MN in KM4 is reduced by 5.

So the raised ones are multiplied by 5 and the lower ones are multiplied by 12

5C2H5OH+12kmNO4+H2SO4=10CO2+K2S04+12MnSO4+H2O, and then the observation method can be balanced.

5c2h5oh+12kmno4+18h2so4=10co2+6k2s04+12mnso4+33h2o

MN changes from positive 7 to positive 2, decreasing by 5; c changes from -2 to +4, up 6

5 c2h5oh+12 kmno4+18 h2so4=10 co2+6 k2s04+12 mnso4+33 h2o

The key to the balancing of the chemical reaction equation is the gain and loss of electrons, which is manifested in the change of the price state of the left and right oxides being reduced. Grasp the core change, and the rest of the work is just to make the total number of atoms on both sides unchanged.

Looking at both sides, it can be seen that the c is oxidized in the formula, and the valence state is -2 to +4, and 6 electrons are lost, but for the sake of trim convenience, ethanol has 2 c, so it loses 10 electrons for an ethanol molecule; Mn is reduced, from +7 to +2, 5 electrons, 5 and 12 least common multiple 60, so fill in 5 before the left ethanol, fill in 12 before potassium permanganate, and the rest of the work only needs to ensure that the number of atoms on the left and right is equal.

The answer is 5, 12, 18, 10, 6, 12, 33

The trim is 2kmNO4+3 H2SO4+5H2C2O4=10CO2+ 2 MnSO4+ K2SO4+8H2O.

KmNO4——— MnSO4, the valency of Mn changes from 7 to 2, and 5E-2 is transferred.

H2C204-2CO2C2, the valency changes from two 3 to two, and 2e- x5 is transferred.

According to the conservation of electrons of gain and loss, the least common multiple of the number of electrons transferred is 10, so the number of measurements is matched separately, and the matching is as follows:

2kmNO4+ H2SO4+ 5H2C2O4=10CO2+ 2 MnSO4+ K2SO4+H2O, and then according to the number of potassium ions, K2SO4 is preceded by 1, then H2SO4 is preceded by 3, and H2O is preceded by 8, and 2kmNO4 + 3 H2SO4 + 5H2C2O4=10CO2+ 2 MnsO4+ K2SO4 + 8H2O.

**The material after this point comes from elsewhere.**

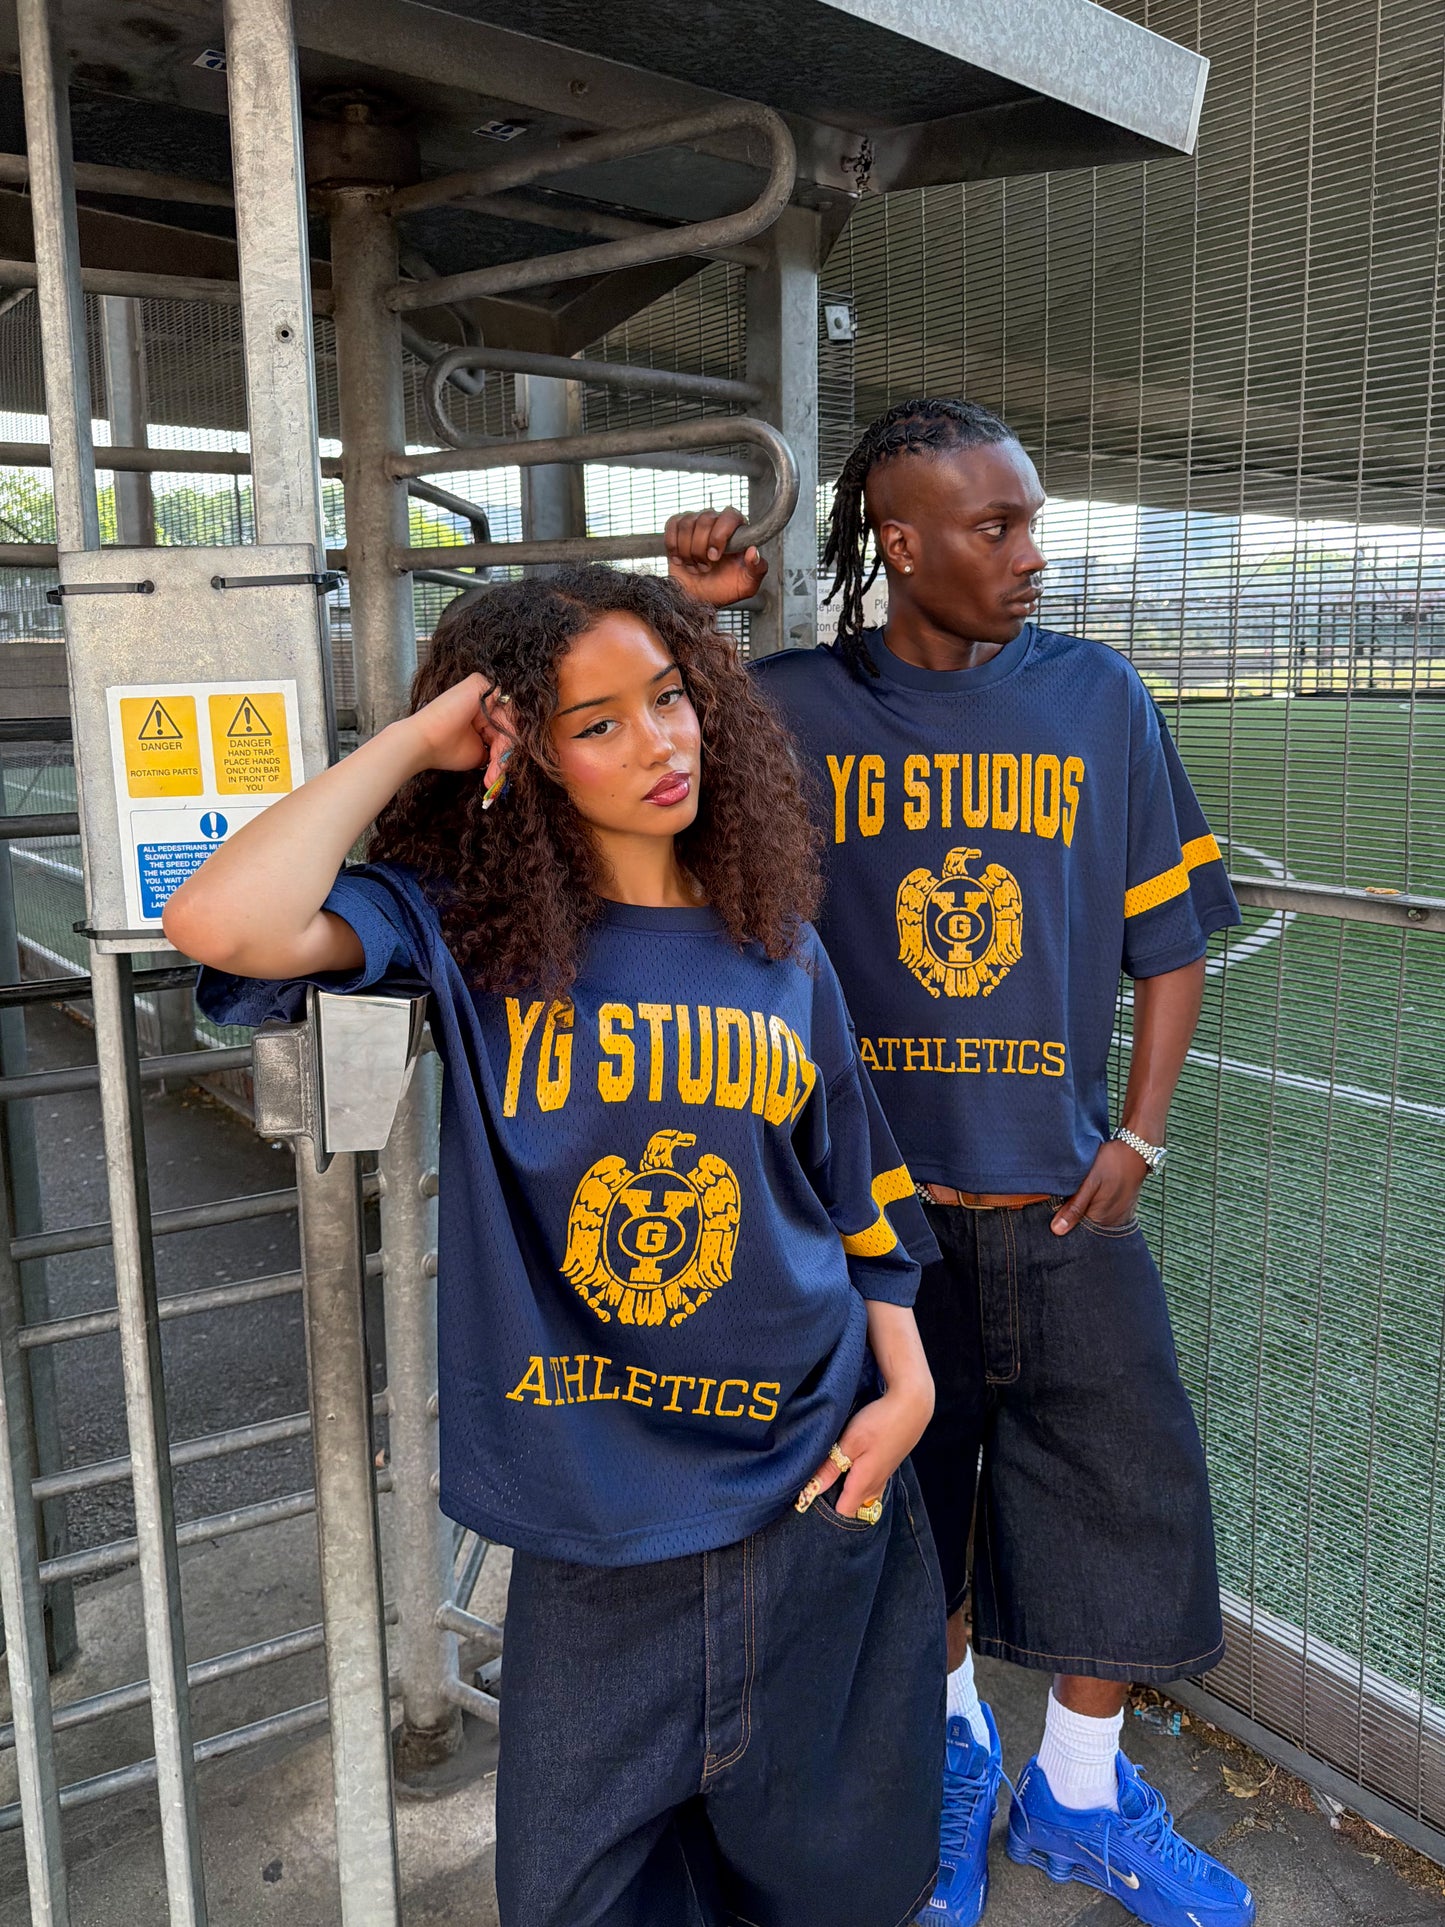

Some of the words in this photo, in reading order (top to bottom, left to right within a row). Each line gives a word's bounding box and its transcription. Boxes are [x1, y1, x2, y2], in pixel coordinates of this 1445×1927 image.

Basic principles: 1. The number of atoms of each element before and after the reaction is equal, that is, the mass is conserved.

2. The total number of electrons obtained by the oxidant is equal to the total number of electrons lost by the reducing agent, that is, the electrons are conserved.

3. The total value of the decrease in the valency of the oxidant is equal to the total value of the increase in the valency of the reducing agent.

Please adopt it promptly if you understand!! Good luck with your studies!!

The ratio of the number of measurements: 2:3:1:2:2:1:4

It is possible to use the valence rise and fall method or write it as a semi-reaction.

5c2h5oh+12kmno4+18h2so4==2co2+6k2so4+12mnso4+33h2o

First, let the front coefficient of C2H5OH be 1, the front coefficient of KMNO4 be rotten X, and the front coefficient of H2SO4 be Y, and then make a two-liquid calendar and balance of equations about X and Y, and solve X and Y

8 h2o + 5 k2s2o8 + 2 mnso4 ==4 k2so4 + 2 kmno4 + 8 h2so4

According to the valency change.

Actually S2O8- is +6 valence in S because sulfur has only 6 valence electrons. Two of the oxygen are -1 valence.

1. The first standard is the only way to get out of the price of the synthetic ant

mnso4+ k2s2o8+ h2o=kmno4+ k2so4+ h2so4

Rise 5 drop 22, with the least common multiple of the ligand to level the redox part:

2 mnso4+ 5 k2s2o8 + h2o ==2 kmno4+ 4 k2so4 + h2so4

3. Balance other atoms by observation:

2 mnso4+ 5 k2s2o8 + 8 h2o ==2 kmno4+ 4 k2so4 + 8 h2so4

The sulfur valency of SO2 rises from +4 to +6, rises by 2, and the valency of manganese with 5kmNO4 decreases from +7 to +2, decreases by 5, and then according to the conservation of potassium and manganese, with potassium sulfate is 1, manganese sulfate is 2 and then according to the conservation of sulfur, with sulfuric acid is 2

Then according to the conservation of the hydrogen element, the water distribution is 2

Check whether the oxygen element is conserved before and after, 20 on the left and 20 on the right, conserved.

So the end result is:

5so2+2kmno4+2h2o=k2so4+2mnso4+2h2so4

Mn is +7 valence in KMno4 and +2 in MNSO4, giving 5 electrons.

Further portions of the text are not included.